Some important features of Options Contract are:
1. Highly flexible: On one hand, option contract are highly standardized and so they can be traded only in organized exchanges. Such option instruments cannot be made flexible according to the requirements of the writer as well as the user. On the other hand, there are also privately arranged options which can be traded ‘over the counter’. These instruments can be made according to the requirements of the writer and user. Thus, it combines the features of ‘futures’ as well as ‘forward’ contracts.
2. Down Payment: The option holder must pay a certain amount called ‘premium’ for holding the right of exercising the option. This is considered to be the consideration for the contract. If the option holder does not exercise his option, he has to forego this premium. Otherwise, this premium will be deducted from the total payoff in calculating the net payoff due to the option holder.

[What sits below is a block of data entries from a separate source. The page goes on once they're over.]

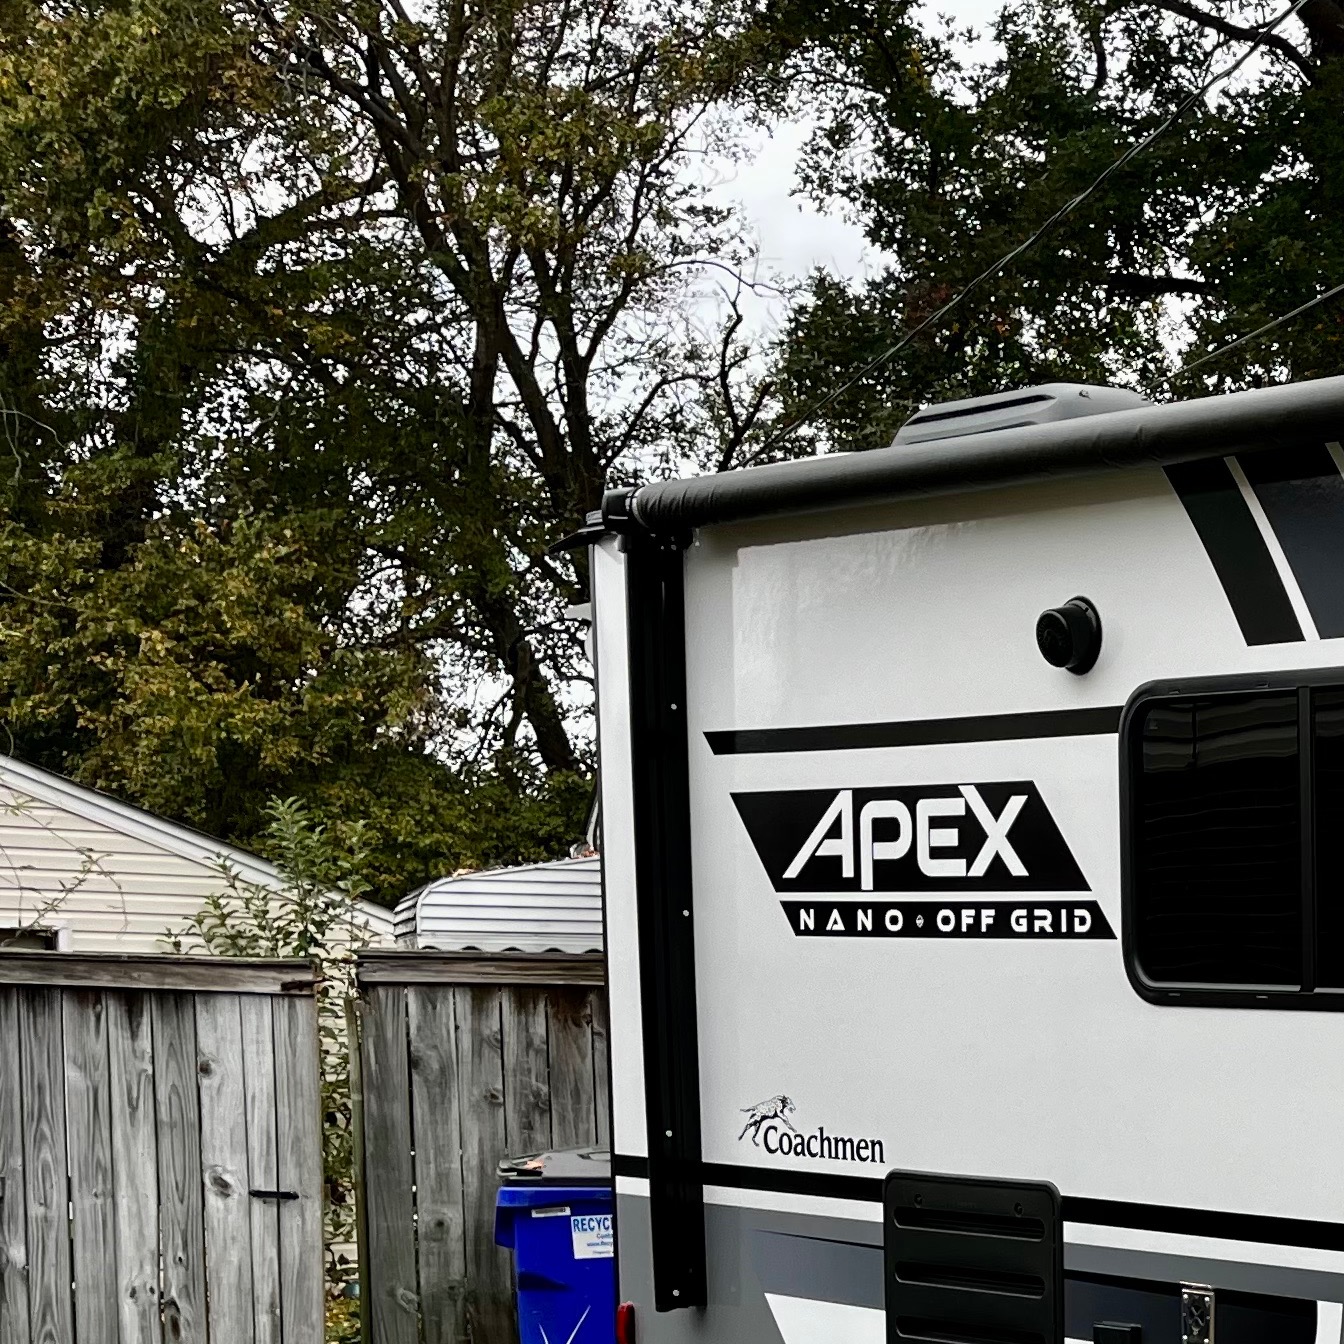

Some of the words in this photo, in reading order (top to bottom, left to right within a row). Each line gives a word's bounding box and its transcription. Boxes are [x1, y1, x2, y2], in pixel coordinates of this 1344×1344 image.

[781, 784, 1029, 891] APEX
[799, 909, 903, 931] NANO
[936, 909, 996, 933] OFF
[1010, 909, 1093, 934] GRID
[763, 1125, 886, 1164] Coachmen
[572, 1216, 612, 1232] RECYC

3. Settement: No money or commodity or share is exchanged when the contract is written. Generally this option contract terminates either at the time of exercising the option by the option holder or maturity whichever is earlier. So, settlement is made only when the option holder exercises his option. Suppose the option is not exercised till maturity, then the agreement automatically lapses and no settlement is required.
4. Non – Linearity: Unlike futures and forward, an option contract does not posses the property of linearity. It means that the option holder’s profit, when the value of the underlying asset moves in one direction is not equal to his loss when its value moves in the opposite direction by the same amount. In short, profits and losses are not symmetrical under an option contract. This can be illustrated by means of an illustration:
Mr.X purchase a two month call option on rupee at Rs. 100=3.35 $. Suppose, the rupee appreciates within two months by 0.05 $per one hundred rupees, then the market price would be Rs. 100=3.40 $. If the option holder Mr.X exercises his option, he can purchase at the rate mentioned in the option ie., Rs. 100=3.53 $. He gets a payoff at the rate of 0.05 $ per every one hundred rupees. On the other hand, if the exchange rate moves in the opposite direction by the same amount and reaches a level of Rs. 100=3.30 $. the option holder will not exercise his option. Then, his loss will be zero. Thus, in an option contract, the gain is not equal to the loss.
5. No Obligation to Buy or Sell: In all option contracts, the option holder has a right to buy or sell an underlying asset. He can exercise this right at any time during the currency of the contract. But, in no case, he is under an obligation to buy or sell. If he does not buy or sell, the contract will be simply lapsed.